I narrowly missed being in the MTV generation proper by about two years; what I am instead is one of the mini- break generation. We with no children, unhampered for the most part by mortgage or matrimony, are like worse-organised, energetic pensioners going on cruises. EasyJet is our Viking Tour, Ryanair our Saga. We have clutches instead of money belts, and Birkenstocks instead of… Oh.

We use our weekends to explore the capital cities of Europe for not much more than the price of a ticket to a West End show and far less of the triteness, soaking up cultural experiences with the regularity our slightly older peers do baby sick.

My Facebook feed is full of people jetting off for weekends in picturesque locations.

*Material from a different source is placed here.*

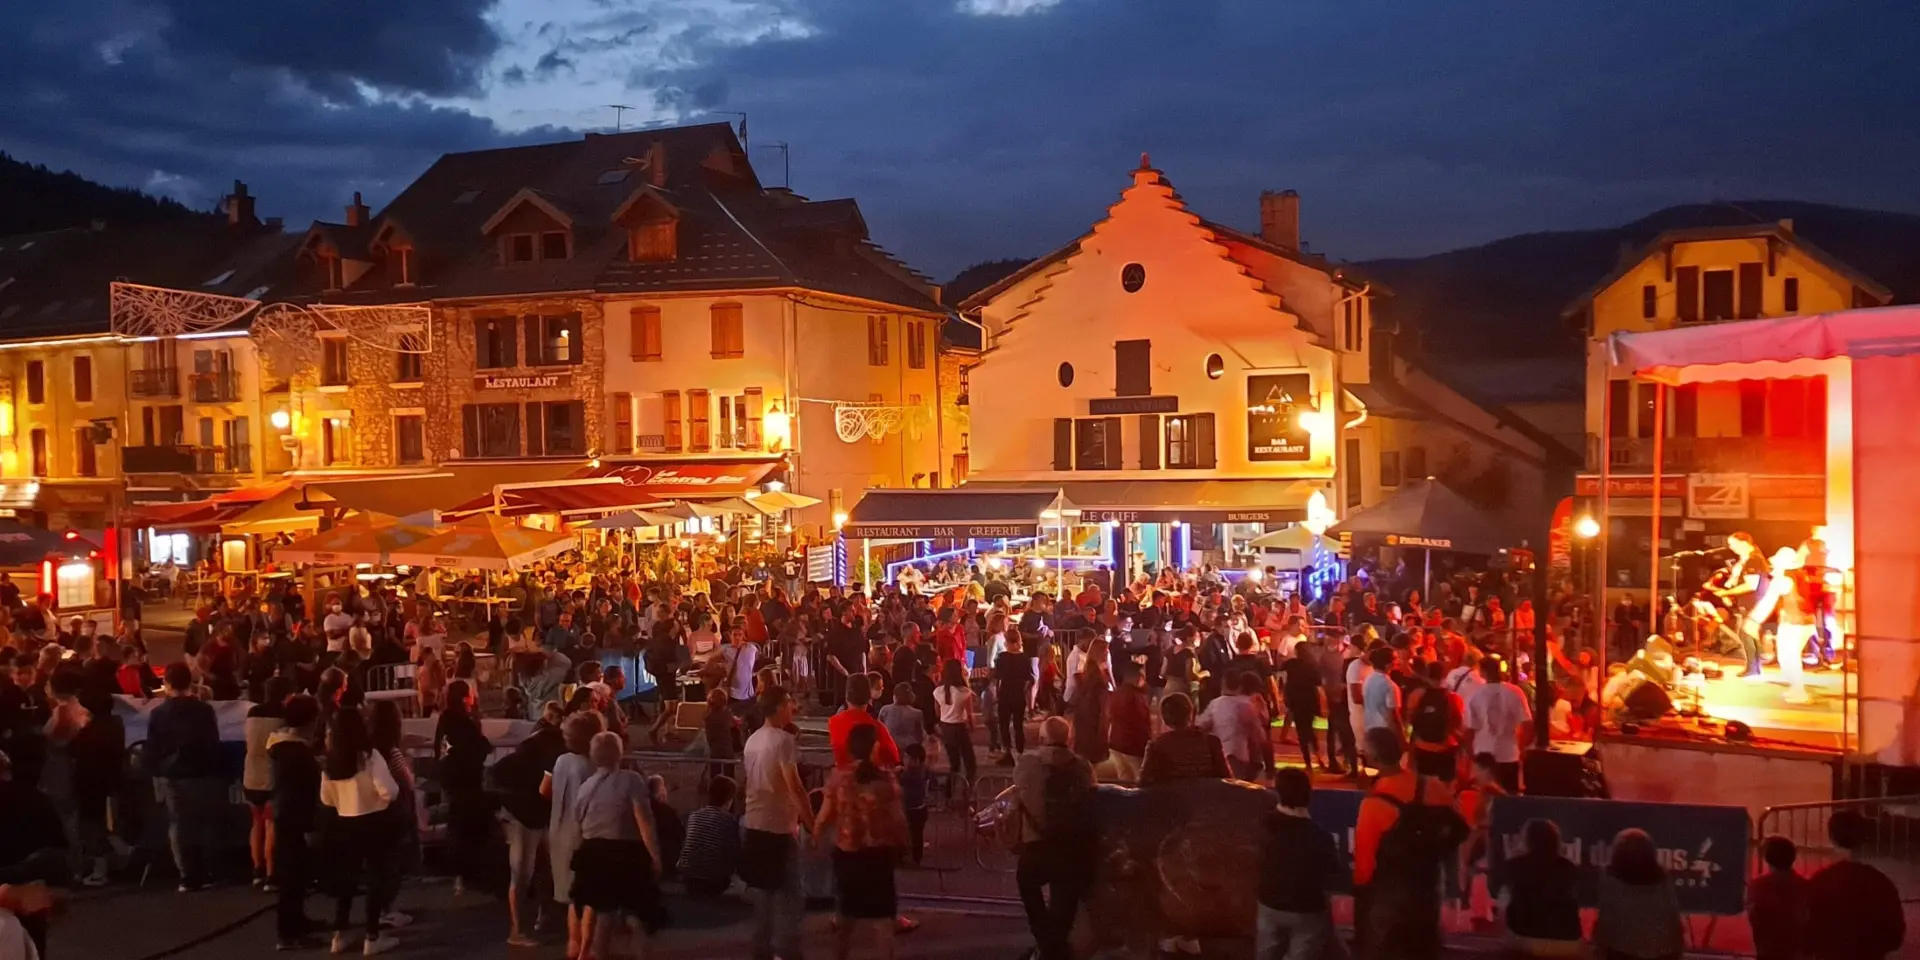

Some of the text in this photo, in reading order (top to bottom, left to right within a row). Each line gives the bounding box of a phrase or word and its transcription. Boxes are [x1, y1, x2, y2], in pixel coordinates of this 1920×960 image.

Here, a hen do in Madrid, there a stag in Prague, pink-faced and covered in sick in front of St Vitus Cathedral. My friends go for gastronomic adventures in Denmark, or cycling tours of Ghent. Or they razz it up in Paris, and dance in the gay clubs of Barcelona, which is just as valid a way to spend a weekend.

So thank you budget airlines for broadening our horizons. In the old days, I imagine people just got on a National Express to Manchester. Unless they were posh, in which case they just drove their own car to Gloucestershire.

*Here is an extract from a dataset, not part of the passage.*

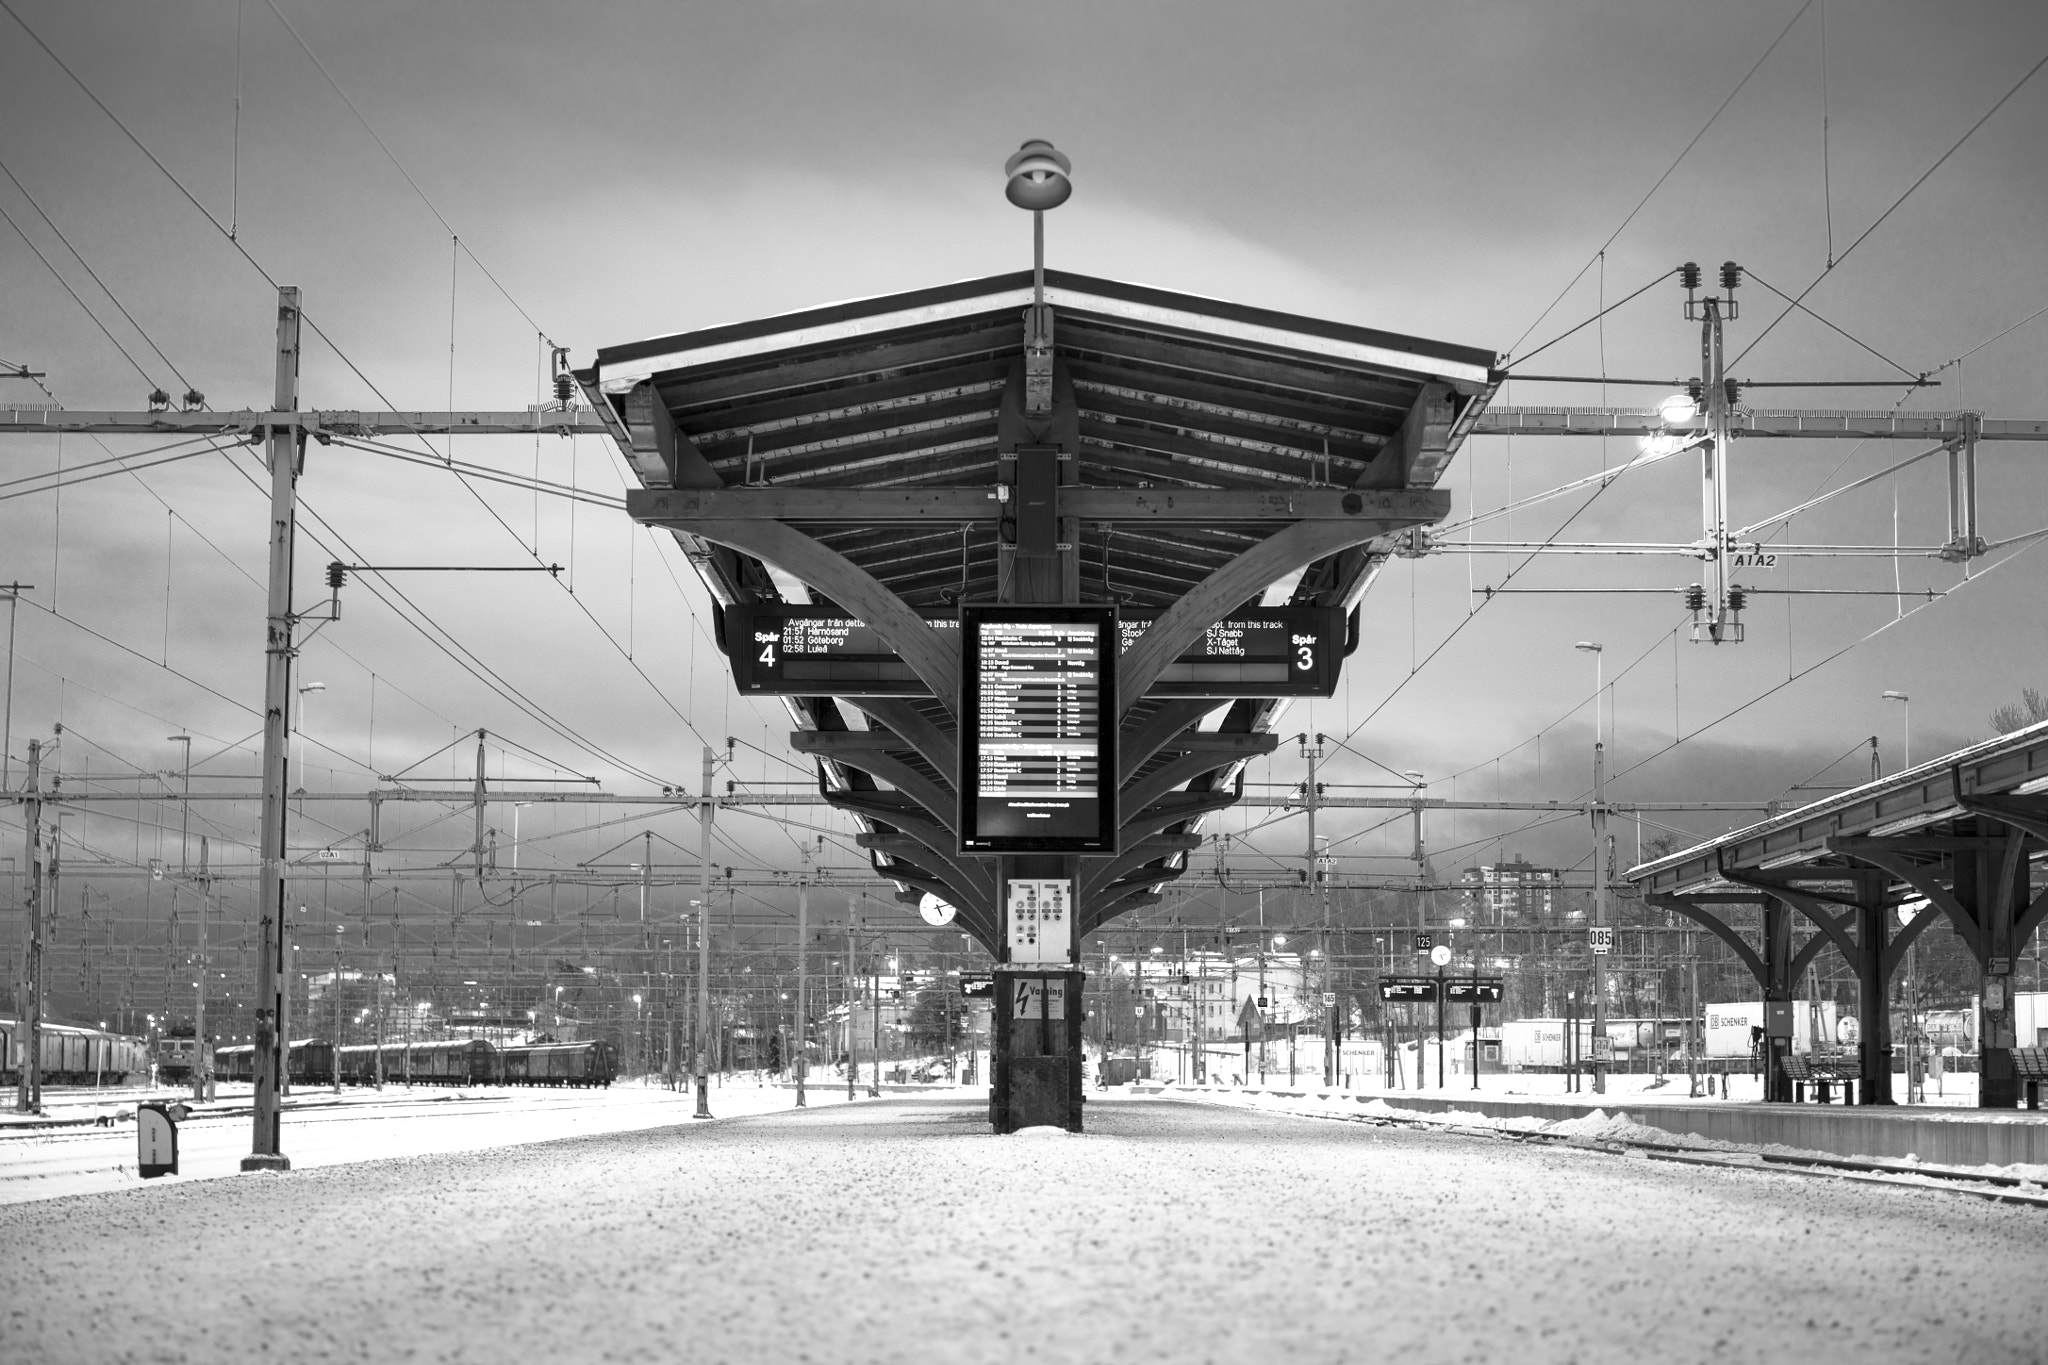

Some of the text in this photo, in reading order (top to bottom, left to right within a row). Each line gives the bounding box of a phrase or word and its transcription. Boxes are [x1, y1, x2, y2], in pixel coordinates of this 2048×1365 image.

The mini-break has also become a rite of passage. As Bridget Jones says, "A mini-break means true love." And miniature shower gels snaffled from boutique-hotel rooms.

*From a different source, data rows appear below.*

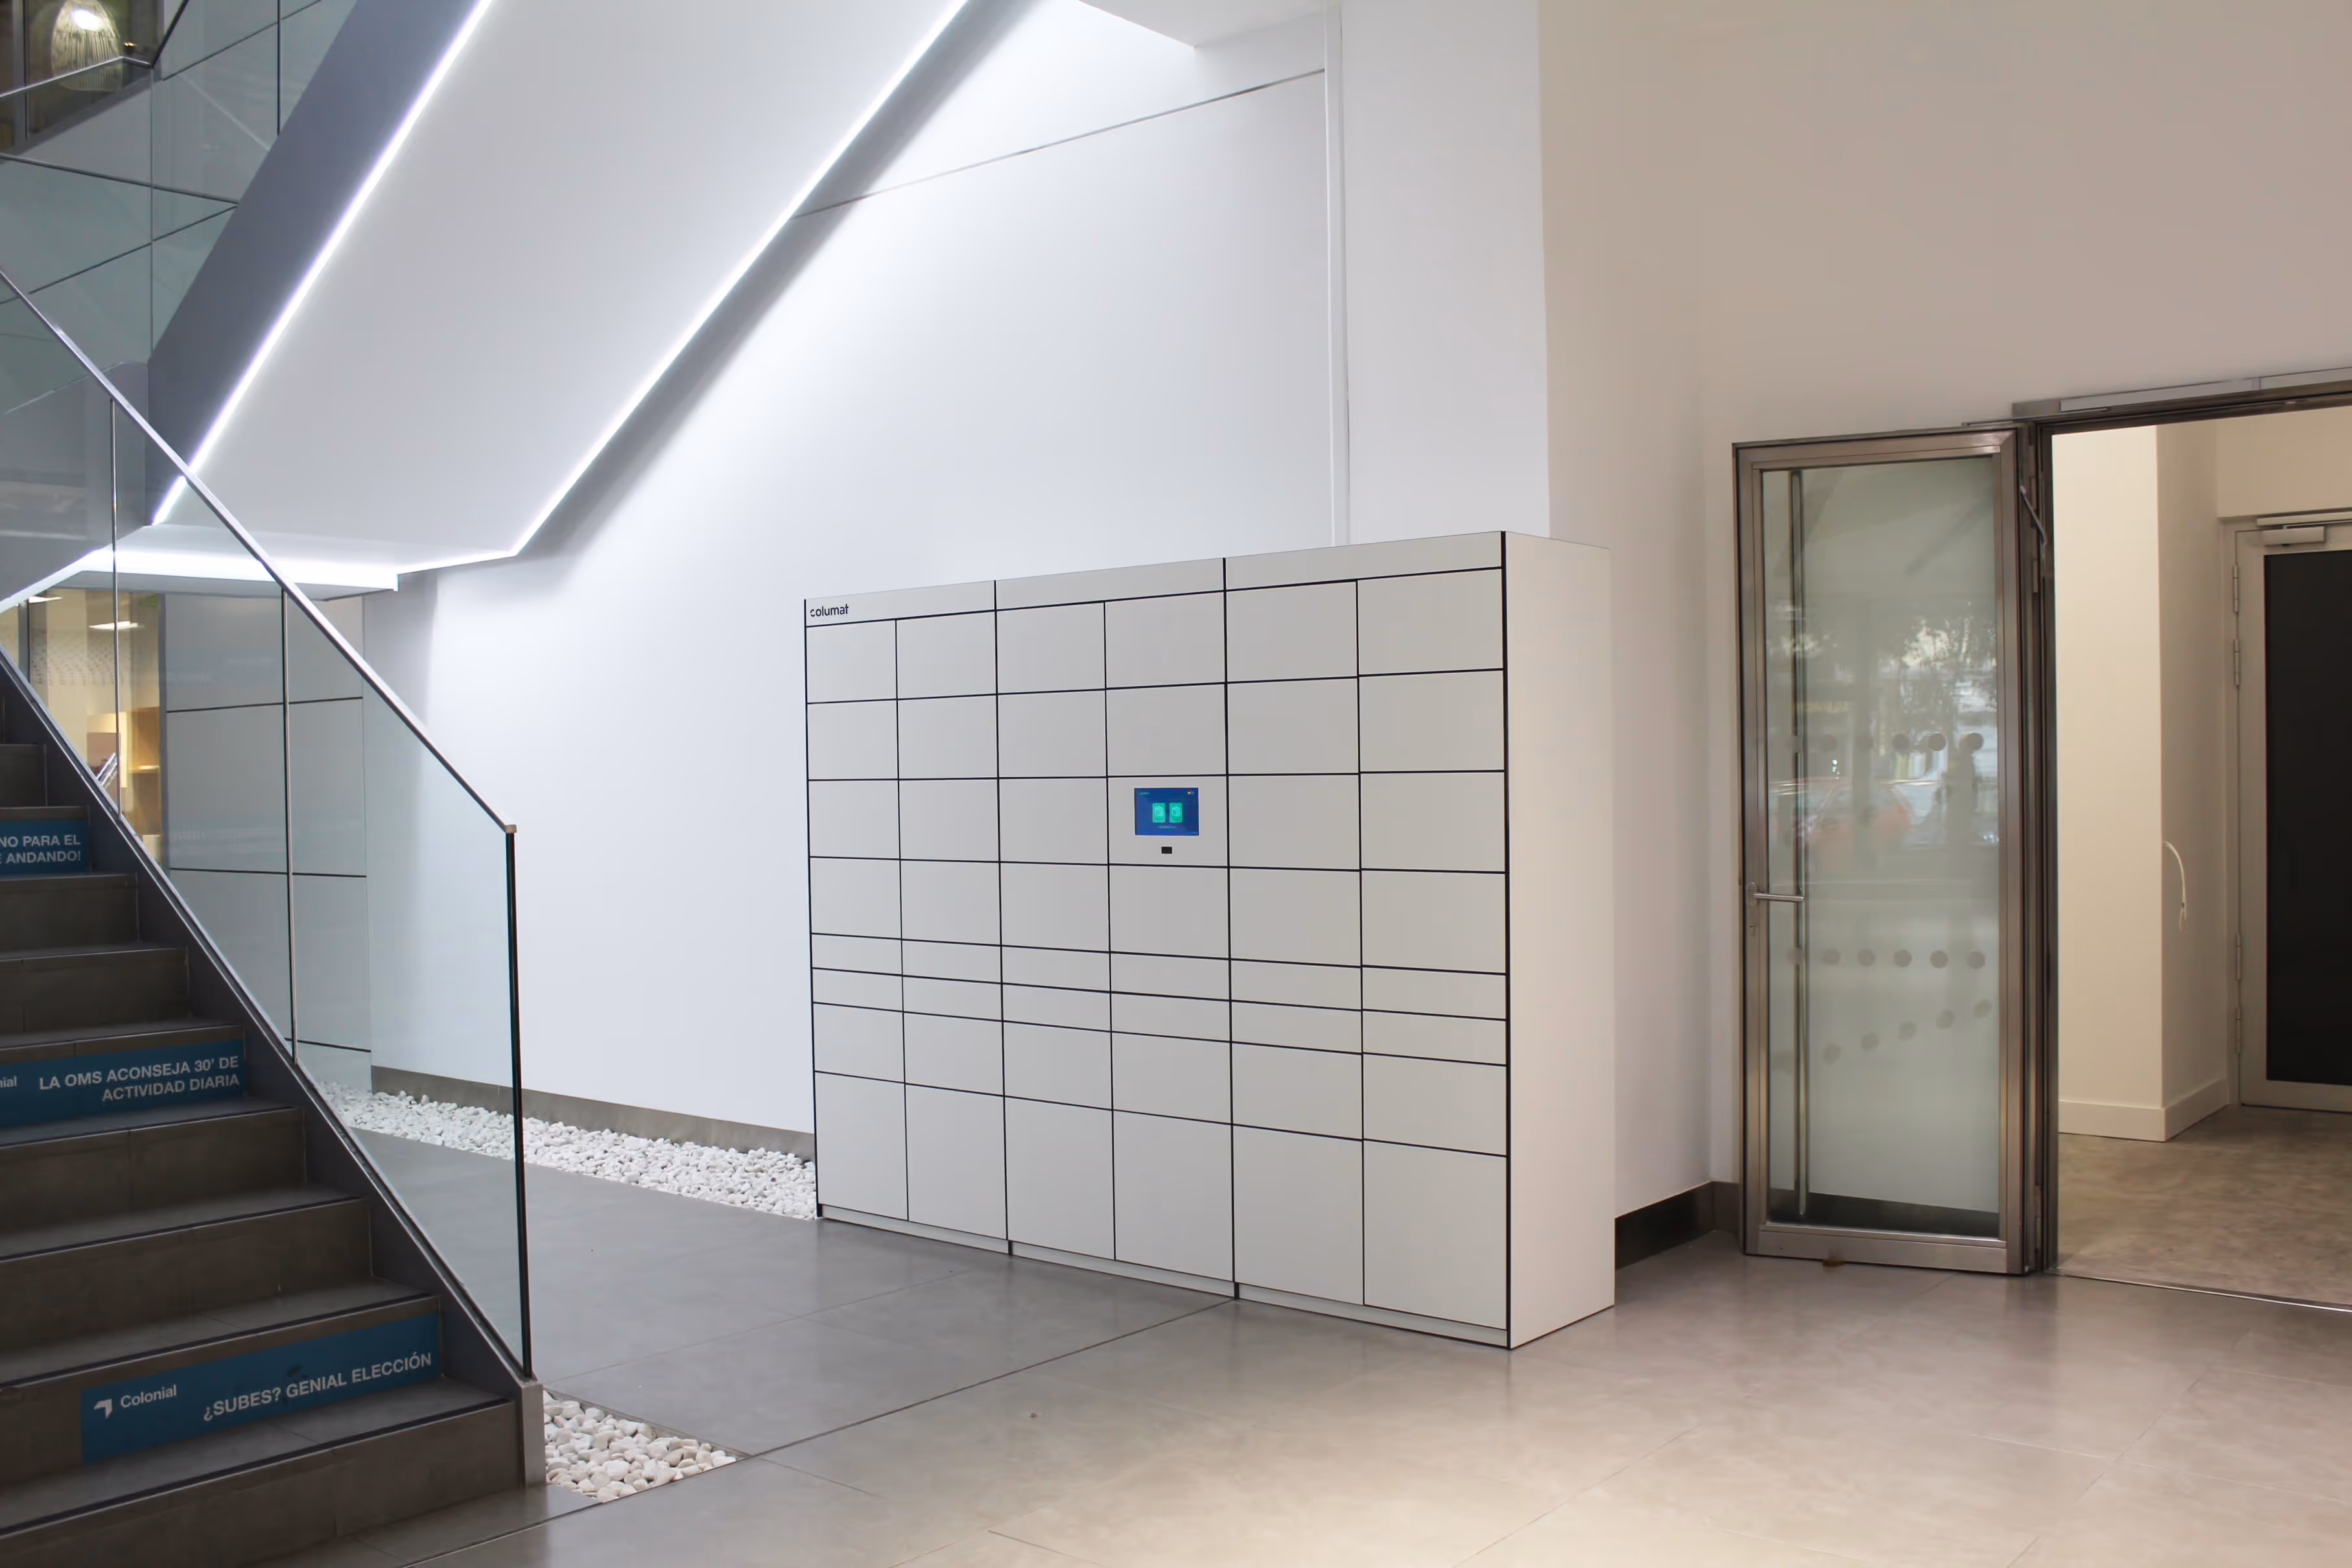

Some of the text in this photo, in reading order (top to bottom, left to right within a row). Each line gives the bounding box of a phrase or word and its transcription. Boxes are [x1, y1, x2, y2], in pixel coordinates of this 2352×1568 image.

[810, 603, 849, 617] columat
[23, 835, 60, 846] PARA
[64, 834, 81, 845] EL
[6, 850, 81, 863] ANDANDO!
[39, 1056, 239, 1090] LA OMS ACONSEJA 30' DE
[102, 1073, 240, 1101] ACTIVIDAD DIARIA
[120, 1384, 177, 1409] Colonial
[204, 1351, 432, 1422] ¿SUBES? GENIAL ELECCIÓN

Of course they come in different guises and for different reasons. First off, there's the mini-break at the parents'. Some might question whether the "break" part of this refers to the time away or to the spirits bowed by the end of it (not me, mind, I have brilliant parents for mini-breaks – they always fill up the fridge). Sometimes the parental mini-break takes the form of other people's parents. These are even better: you get all the comforts of a family home without being in your own and having to do the washing-up.

Then there's the messy mini. These are usually spent with friends in European cities more lax with their licensing laws than ours. Regard "los Ingles" struggling to stay awake for dinner at 9pm! See how they fail to hold their alcohol with dignity in the 17 hours before the club even opens at 1am!

"Spa getaways", of course, are for couples who think they're "getting away from things" for a couple of days, only to find that what they're trying get away from has come along with them. Or it's for female friends who think they're as close as two friends could ever be, but who then find themselves feeling awkward when it comes to sharing a bathroom.

Finally, there's the nerdy mini-break – one of my favourites. The nerd-break is when two people of equal geekiness go to a city that they then try to explore together in as efficient a way as possible. Personally, I have no sense of direction and an in-built fear of foreign public transport, so I don't rank highly when it comes to efficiency. But my enthusiasm for clock museums, medieval grain stores and cake shops knows no bounds.

This is sort of the perfect holiday for me, a person whose skin starts feeling a bit tight when they're away from home for too long. I worry that things won't get done – or worse, that they will, and any need for my presence where I belong will be subtly undermined. And the distances involved are ideal, too – far enough for the food to get a bit better but not too far that it resembles something from Indiana Jones and the Temple of Doom.

And the most lovely surprise of the modern mini-break? That if you end up in one of about 18 European destinations, you will almost certainly have contacts pushed on you by friends and colleagues, with promises that their friends there know how to have a good time. They're like private tour guides, these people, helping you fulfil your dream sequence that this is in fact the city you really live in. Tra la la, cobbles and cheese.

These mini- breaks sum up my generation: upwardly mobile, attention-deficit, ungrateful at times, and absurdly lucky. They'll seem both dated and exotic to the generations that come after us, who will no doubt be holidaying on Mars from behind a virtual headset in their sitting-rooms. They won't know it, but they'll really be missing out.

Still, at least they won't have to queue at the boarding gate.